- Statut : préfecture du Bas-Rhin. - Superficie : 78 271 km². - Population : 272 800 habitants. - Nombre d'étudiants : 53 000. - Maire : Roland Ries (Ps, depuis mars 2008) - Économie : 2e port fluvial de France et une des plus importantes places financières régionales après Lille et Lyon. - Signes particuliers : 1er centre urbain classé au Patrimoine mondial de l'humanité par
l'Unesco et l'un des plus grands centres piétons de France. Première
ville pour son réseau cyclable, avec 430 km d'itinéraires aménagés dans
la communauté urbaine. - Siège permanent du Conseil de l'Europe : c'est l'une des 3 villes au monde qui accueillent des institutions internationales sans être capitales d'État. l Le Parlement européen accueille une douzaine de sessions parlementaires par an. - Le Parlement européen accueille une dizaine de sessions parlementaires par an. - Grandes écoles et universités : l'ENA s'est installée ici depuis quelques années. Plusieurs universités importantes : Robert-Schuman (juridique et gestion), Marc-Bloch (littérature et linguistique), Louis-Pasteur (scientifique et médicale). Une grande école de journalisme.
Économie
Strasbourg se porte économiquement bien, pour d'évidentes raisons géographiques : les voisins ont le portefeuille bien garni (75 % du pouvoir d'achat des 320 millions d'Européens se concentrent dans un rayon de 800 km autour de l'agglomération), la frontière allemande (principal partenaire économique de la France) est à deux enjambées et le Rhin, un des principaux axes de communication européens, longe Strasbourg, dont le port fluvial se place au deuxième rang national derrière Paris. À Strasbourg, le secteur agroalimentaire (avec notamment les brasseries) est le premier secteur industriel de la région.. Près de la moitié de la main-d'œuvre travaille pour des sociétés dont les sièges sociaux sont installés hors de France. Les investisseurs venus d'ailleurs ont un vrai faible pour l'Alsace, région carrefour où règnent, à des tarifs moindres qu'outre-Rhin, un consensus social analogue et le même amour du travail bien fait.
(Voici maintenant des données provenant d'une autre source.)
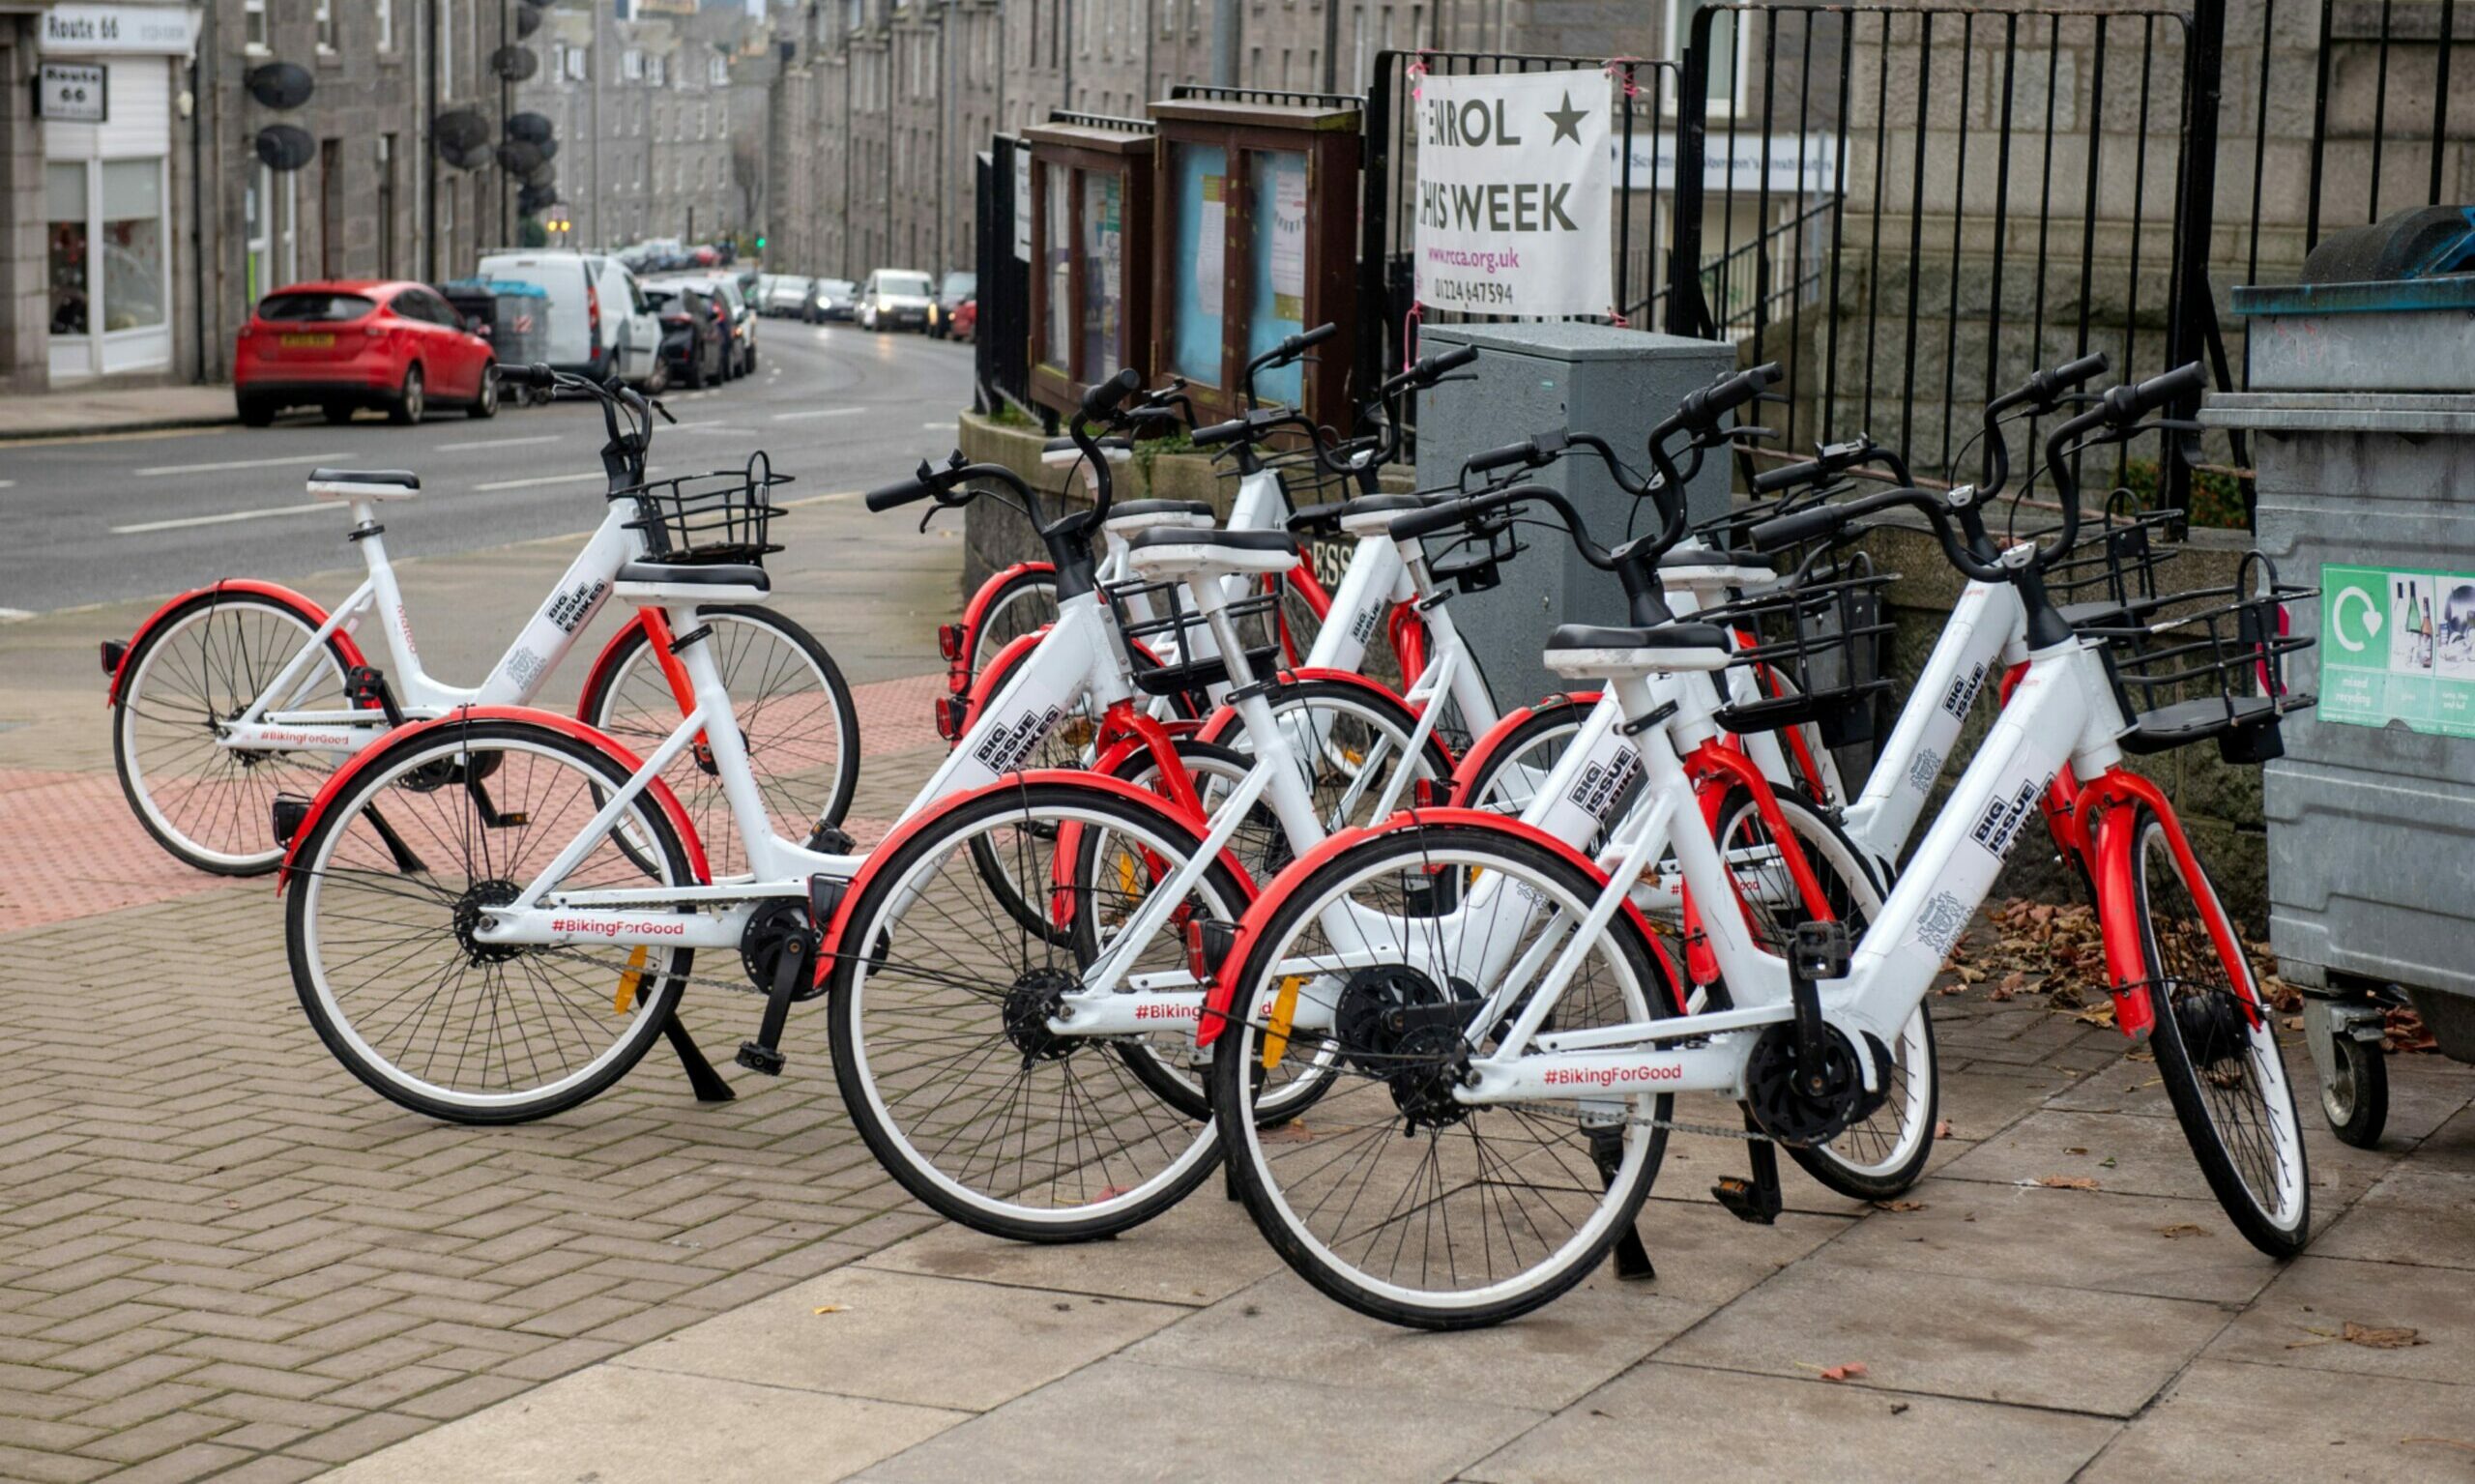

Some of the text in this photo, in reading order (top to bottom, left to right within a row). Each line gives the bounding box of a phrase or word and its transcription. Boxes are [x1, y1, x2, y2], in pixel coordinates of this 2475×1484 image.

[48, 15, 95, 40] Route
[101, 16, 120, 40] 66
[1450, 183, 1579, 232] WEEK
[547, 595, 568, 619] BIG
[556, 585, 589, 626] ISSUE
[565, 582, 605, 633] E-BIKES
[1353, 611, 1367, 637] BIG
[1360, 602, 1382, 645] ISSUE
[1945, 680, 1965, 711] BIG
[1955, 666, 1984, 718] ISSUE
[260, 731, 349, 745] #BikingForGood
[976, 727, 1007, 761] BIG
[989, 713, 1037, 771] ISSUE
[1571, 767, 1602, 803] BIG
[1586, 749, 1632, 814] ISSUE
[1974, 800, 2006, 842] BIG
[1989, 784, 2036, 853] ISSUE
[551, 918, 684, 937] #BikingForGood
[1544, 1064, 1682, 1087] #BikingForGood
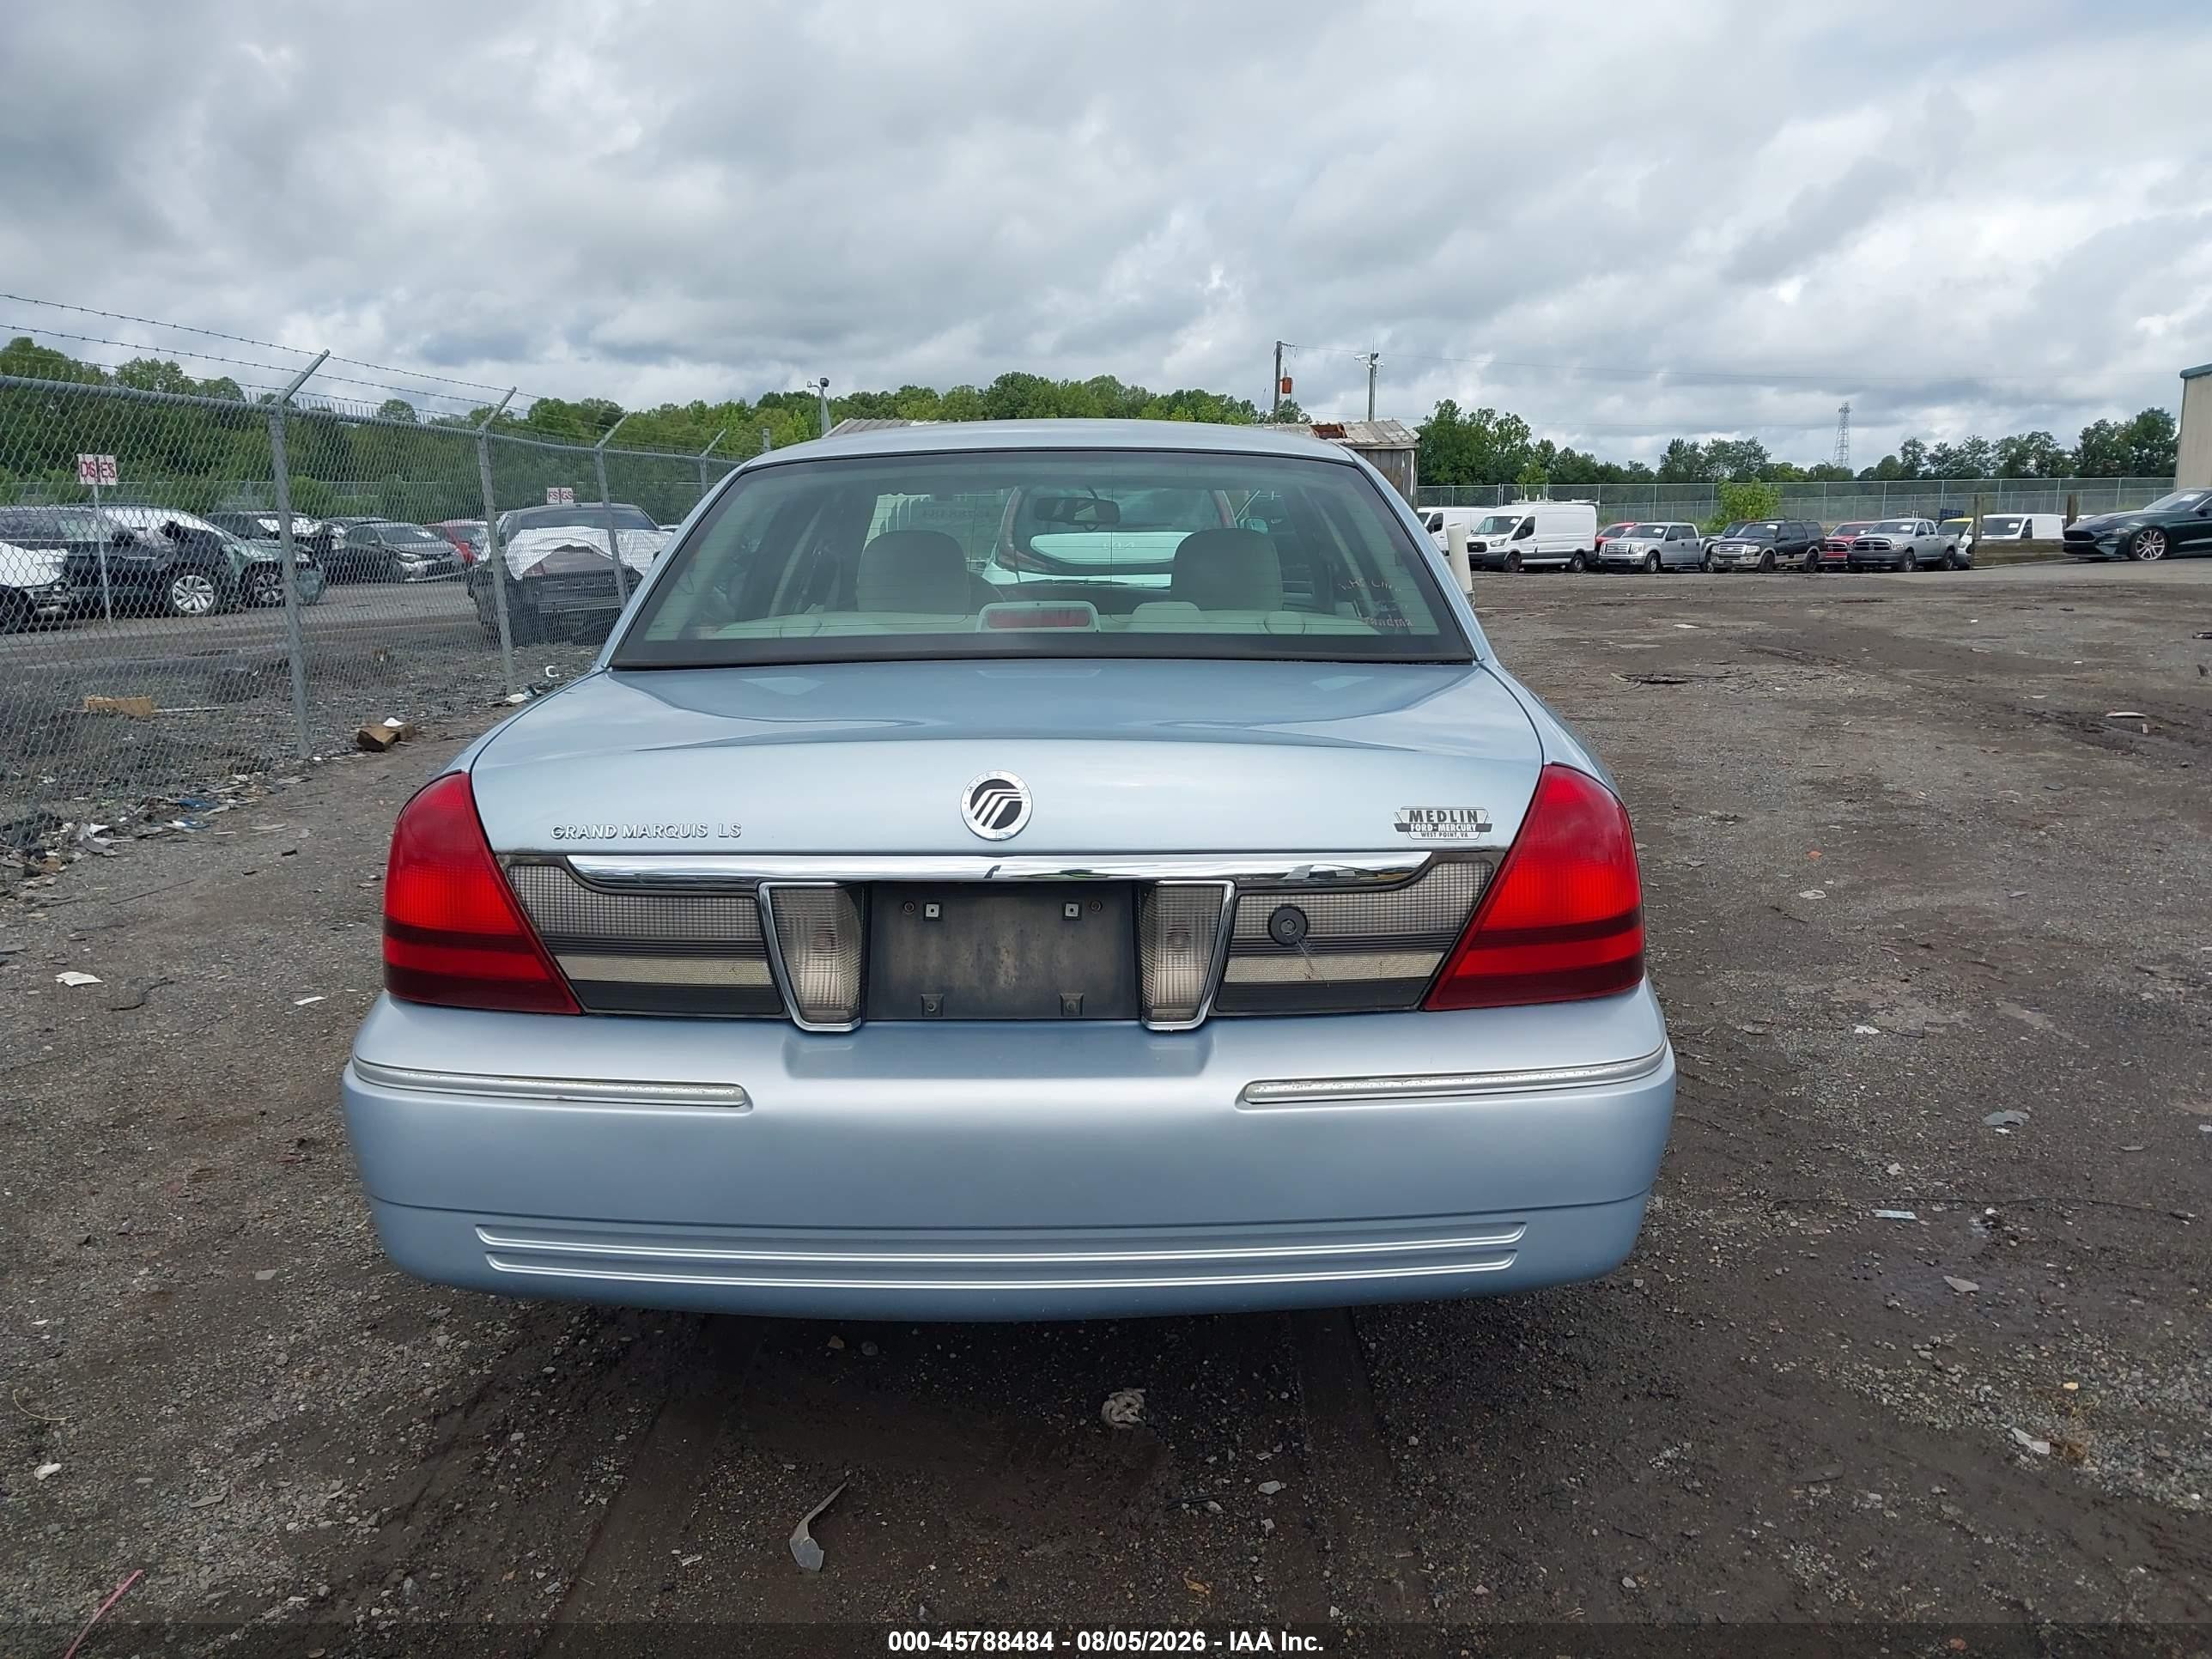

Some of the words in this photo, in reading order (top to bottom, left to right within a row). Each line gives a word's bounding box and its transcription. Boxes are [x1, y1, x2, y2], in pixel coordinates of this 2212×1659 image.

Citons deux secteurs autour desquels vont, dans les années à venir, s'articuler deux « pôles d'activité » : « innovations thérapeutiques » et « véhicules du futur ». Malgré l'inévitable glissement vers le tertiaire (secteur pour lequel Strasbourg représente les deux tiers de l'emploi du Bas-Rhin et 40 % de l'emploi régional), l'industrie a donc encore quelques belles années devant elle.